Exercise aim – Each record below should be returned exactly, with its pictures left out.

Information given –
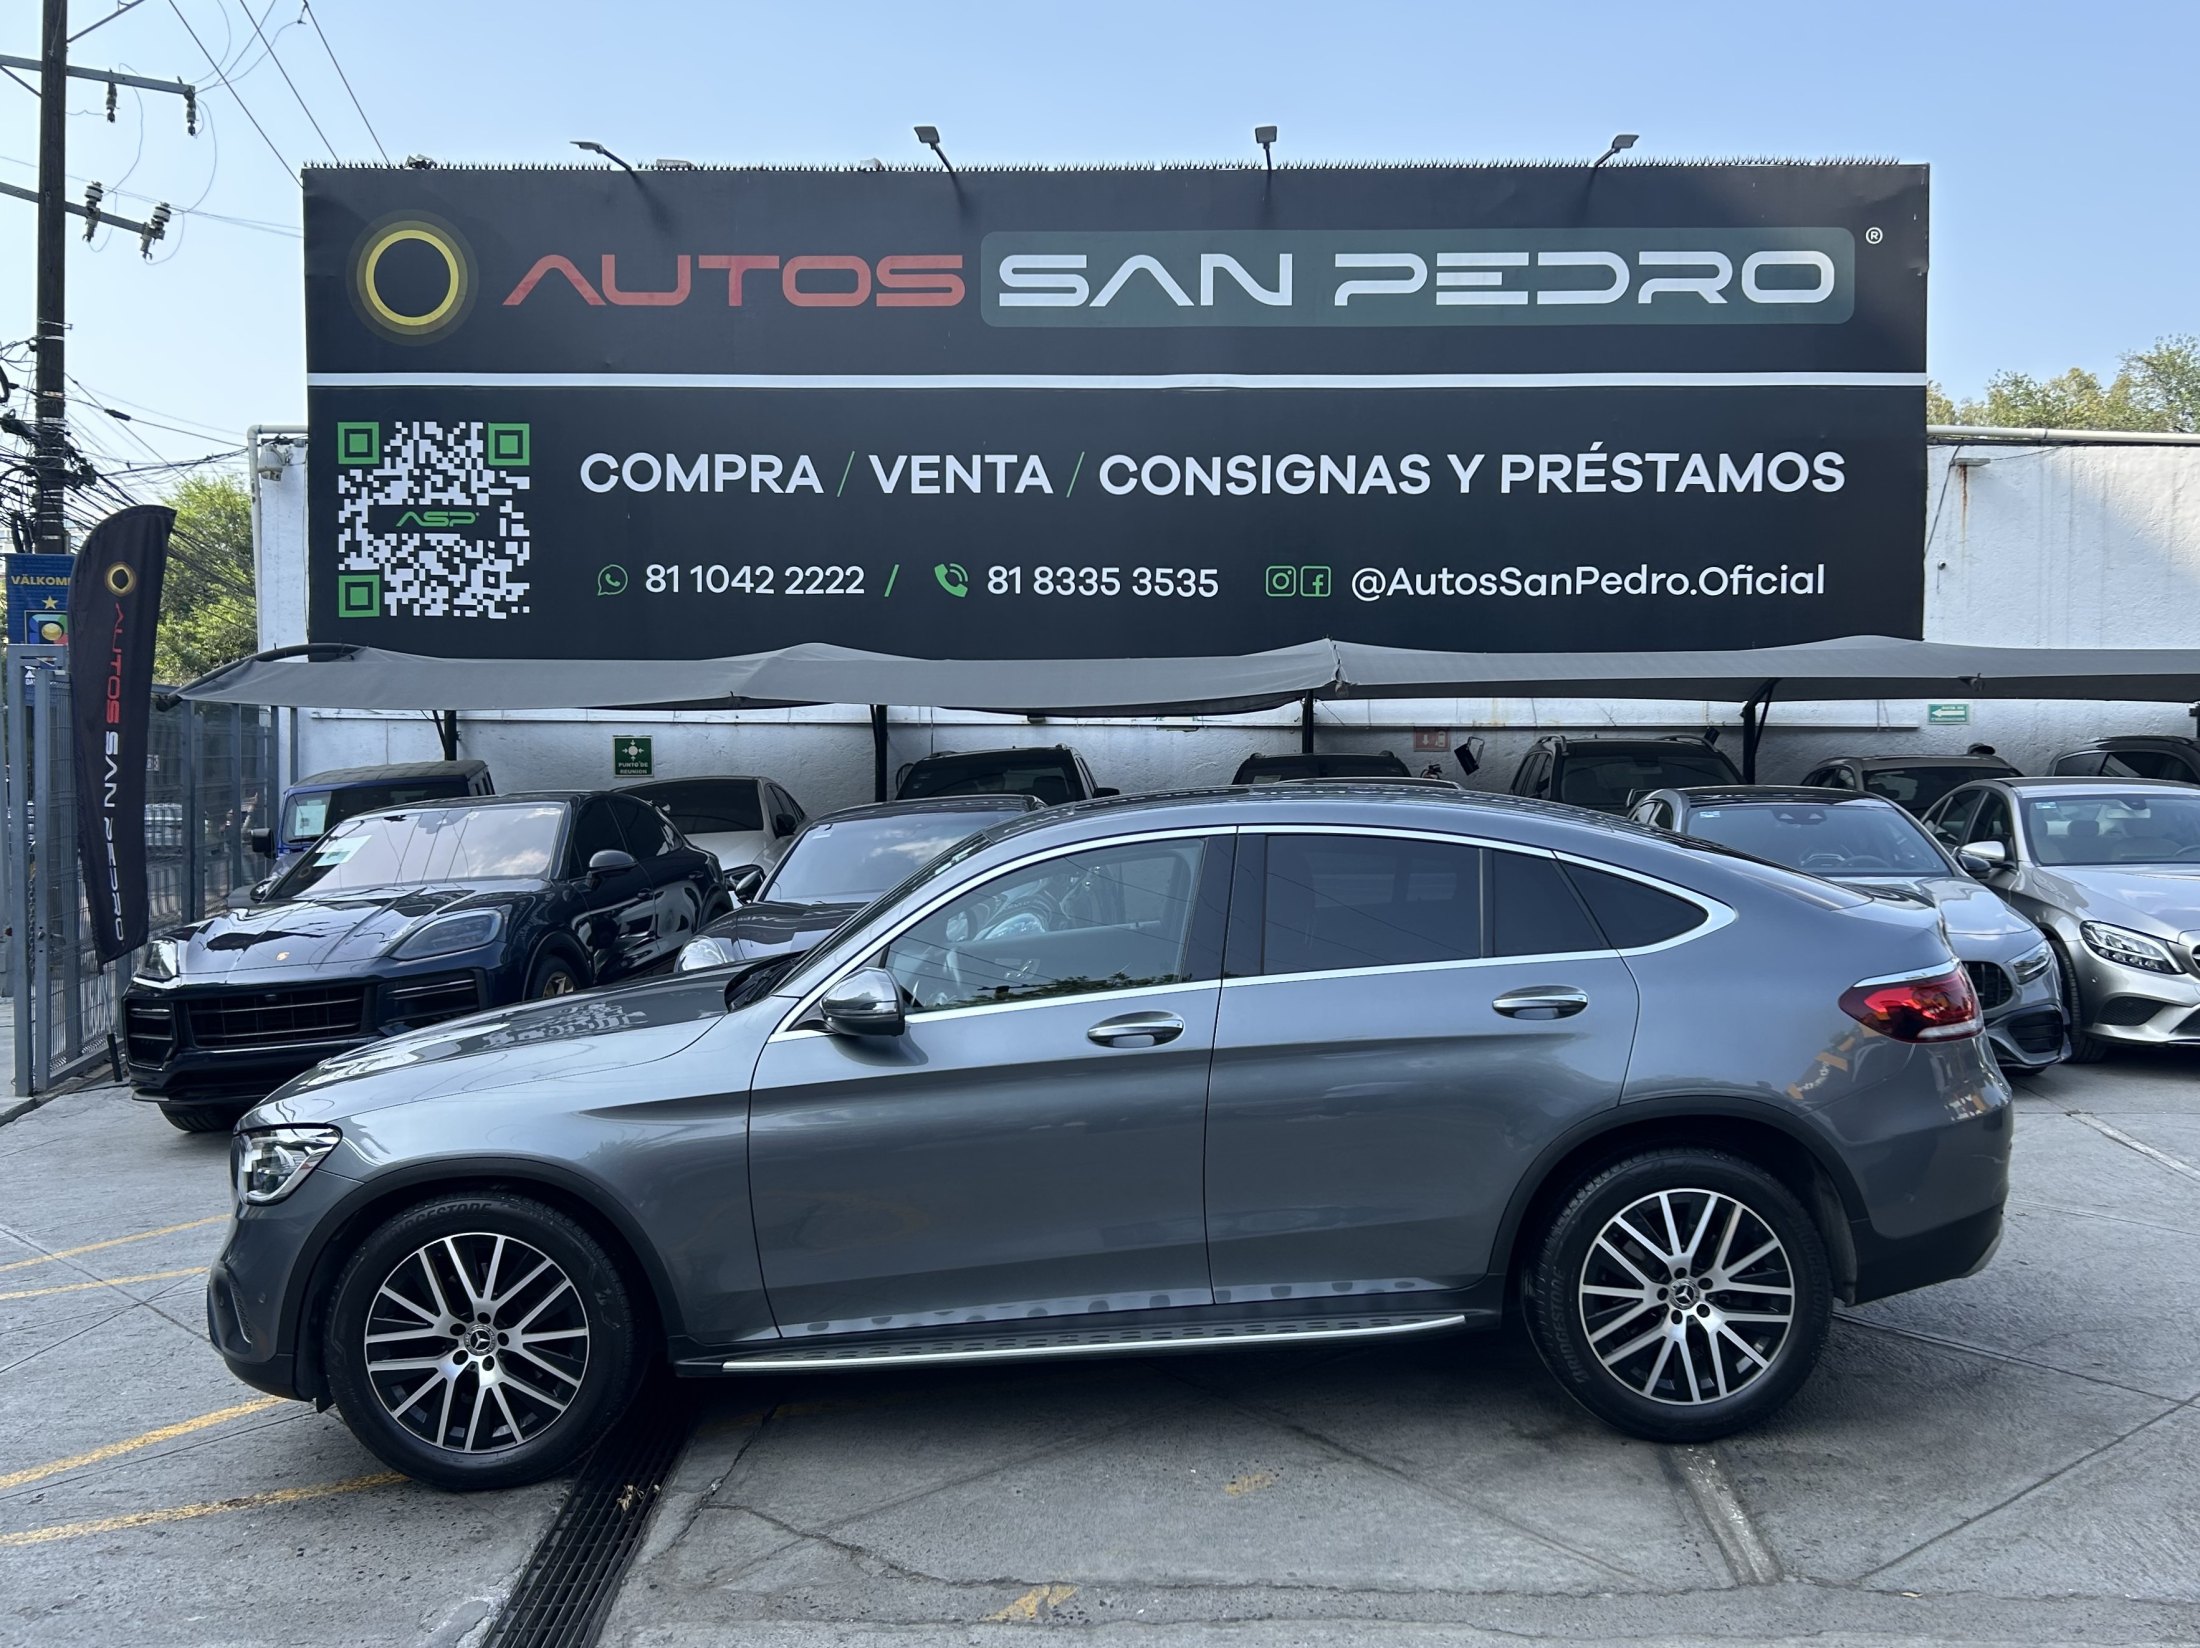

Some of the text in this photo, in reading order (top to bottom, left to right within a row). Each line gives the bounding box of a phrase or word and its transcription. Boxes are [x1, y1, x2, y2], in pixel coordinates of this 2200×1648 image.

[503, 254, 966, 307] AUTOS
[999, 252, 1293, 307] SAN
[1334, 250, 1835, 306] PEDRO
[580, 452, 825, 495] COMPRA
[868, 454, 1054, 495] VENTA
[1099, 453, 1431, 497] CONSIGNAS
[1446, 453, 1486, 495] Y
[1500, 441, 1845, 495] PRÉSTAMOS
[396, 511, 476, 527] ASP
[645, 563, 679, 594] 81
[689, 564, 775, 596] 1042
[784, 565, 865, 596] 2222
[987, 565, 1021, 596] 81
[1033, 565, 1121, 598] 8335
[1131, 566, 1219, 598] 3535
[1351, 563, 1825, 602] @AutosSanPedro.Oficial
[103, 602, 125, 941] AUTOS SAN PEDRO
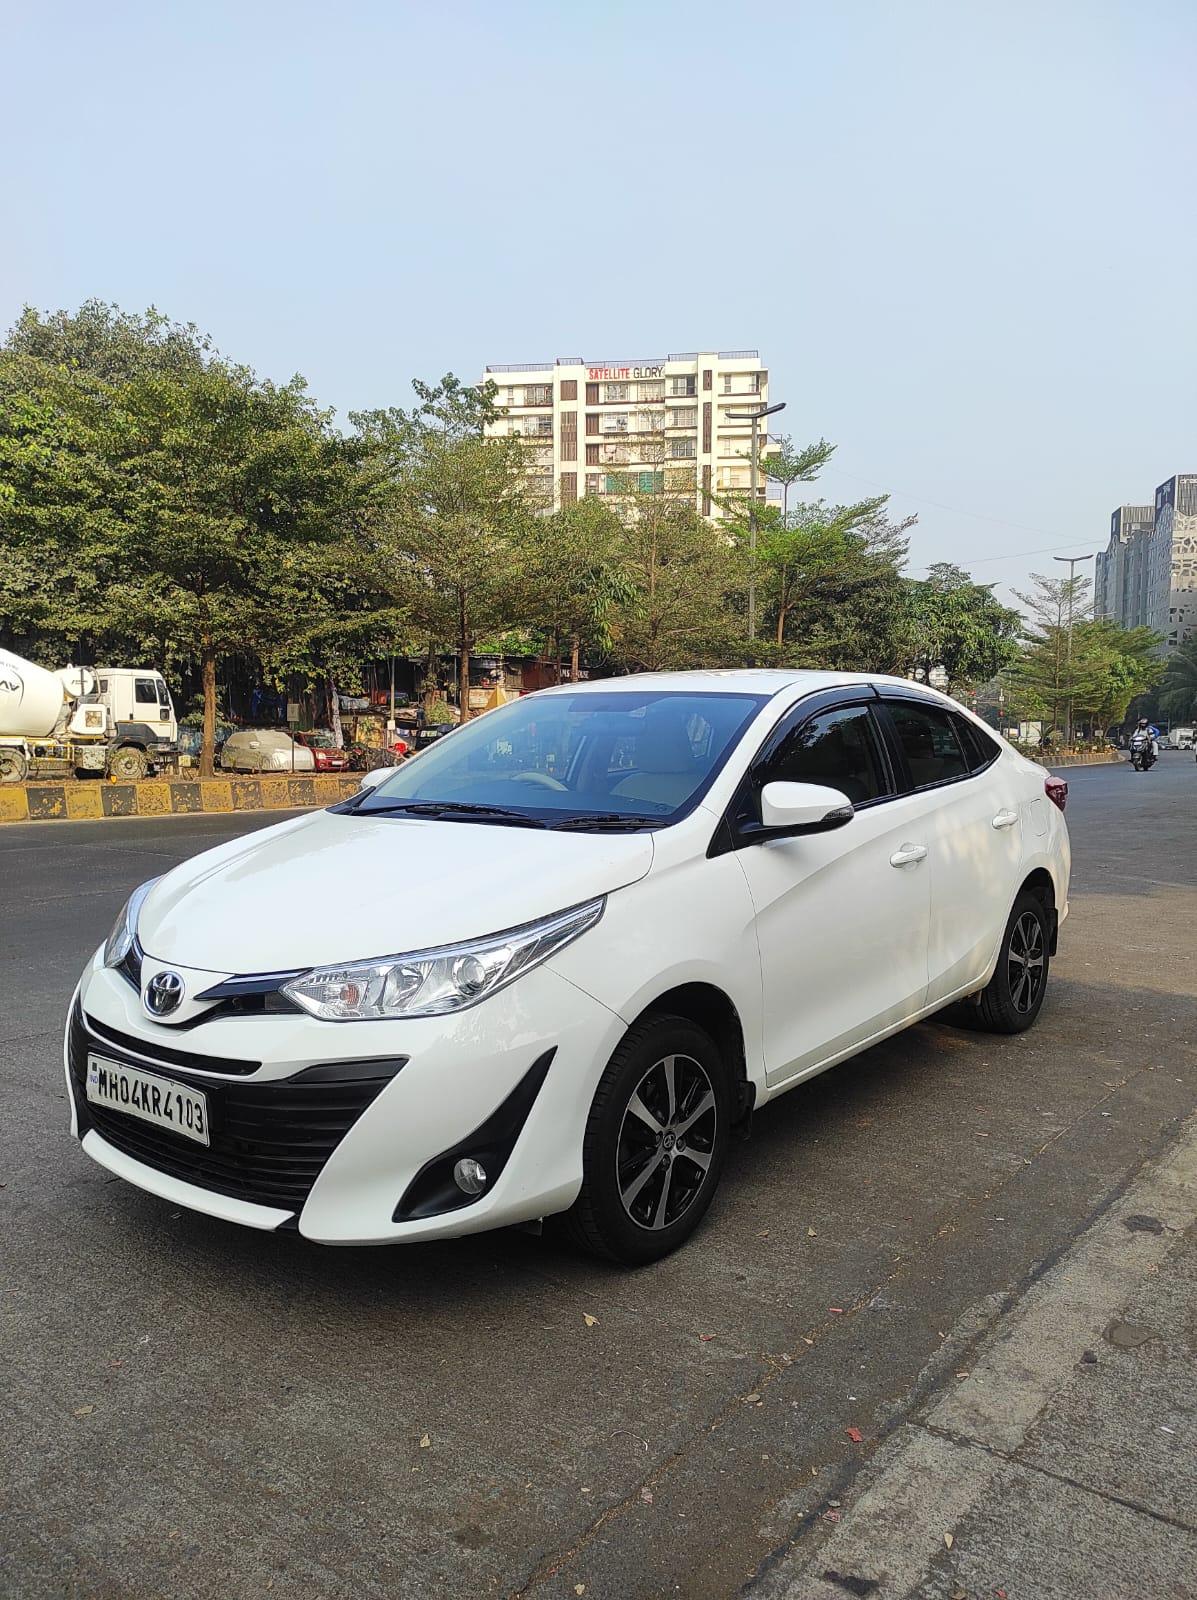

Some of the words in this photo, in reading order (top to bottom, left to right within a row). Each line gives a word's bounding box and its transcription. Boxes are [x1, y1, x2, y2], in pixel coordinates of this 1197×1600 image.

[589, 368, 630, 380] SATELLITE
[633, 366, 663, 379] GLORY
[98, 1067, 204, 1134] MH04KR4103
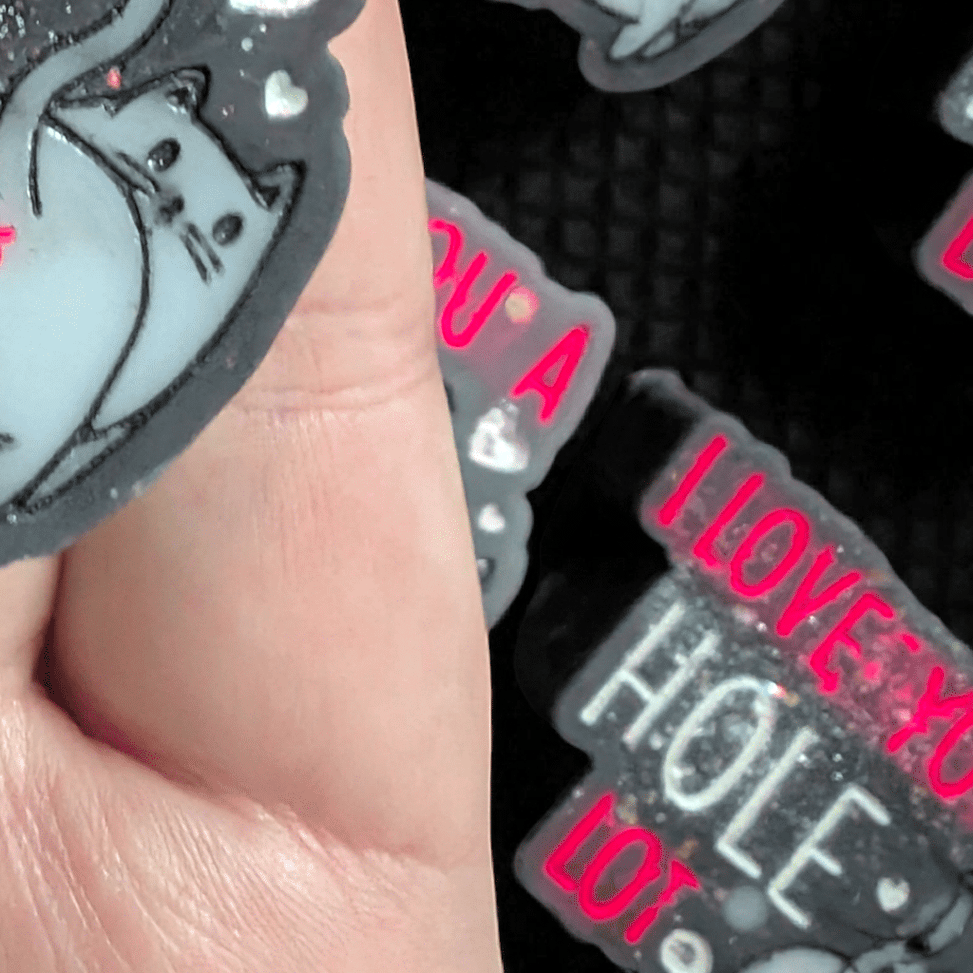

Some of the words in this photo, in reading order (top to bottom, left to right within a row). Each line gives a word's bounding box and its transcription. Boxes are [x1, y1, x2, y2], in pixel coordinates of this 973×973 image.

[510, 324, 590, 422] A
[655, 433, 729, 529] I
[691, 471, 896, 695] LOVE
[579, 601, 891, 928] HOLE
[542, 791, 701, 946] LOT

Response for this exercise –
Some of the text in this photo, in reading order (top to bottom, left to right within a row). Each line gives the bounding box of a phrase or word and its transcription. Boxes are [x1, y1, x2, y2], in pixel coordinates of this 2200×1648 image.

[503, 254, 966, 307] AUTOS
[999, 252, 1293, 307] SAN
[1334, 250, 1835, 306] PEDRO
[580, 452, 825, 495] COMPRA
[868, 454, 1054, 495] VENTA
[1099, 453, 1431, 497] CONSIGNAS
[1446, 453, 1486, 495] Y
[1500, 441, 1845, 495] PRÉSTAMOS
[396, 511, 476, 527] ASP
[645, 563, 679, 594] 81
[689, 564, 775, 596] 1042
[784, 565, 865, 596] 2222
[987, 565, 1021, 596] 81
[1033, 565, 1121, 598] 8335
[1131, 566, 1219, 598] 3535
[1351, 563, 1825, 602] @AutosSanPedro.Oficial
[103, 602, 125, 941] AUTOS SAN PEDRO

Some of the words in this photo, in reading order (top to bottom, left to right within a row). Each line gives a word's bounding box and its transcription. Boxes are [x1, y1, x2, y2], in pixel coordinates of this 1197×1600 image.

[589, 368, 630, 380] SATELLITE
[633, 366, 663, 379] GLORY
[98, 1067, 204, 1134] MH04KR4103

Some of the words in this photo, in reading order (top to bottom, left to right within a row). Each line gives a word's bounding box and its transcription. Boxes are [x1, y1, x2, y2], in pixel coordinates of this 973×973 image.

[510, 324, 590, 422] A
[655, 433, 729, 529] I
[691, 471, 896, 695] LOVE
[579, 601, 891, 928] HOLE
[542, 791, 701, 946] LOT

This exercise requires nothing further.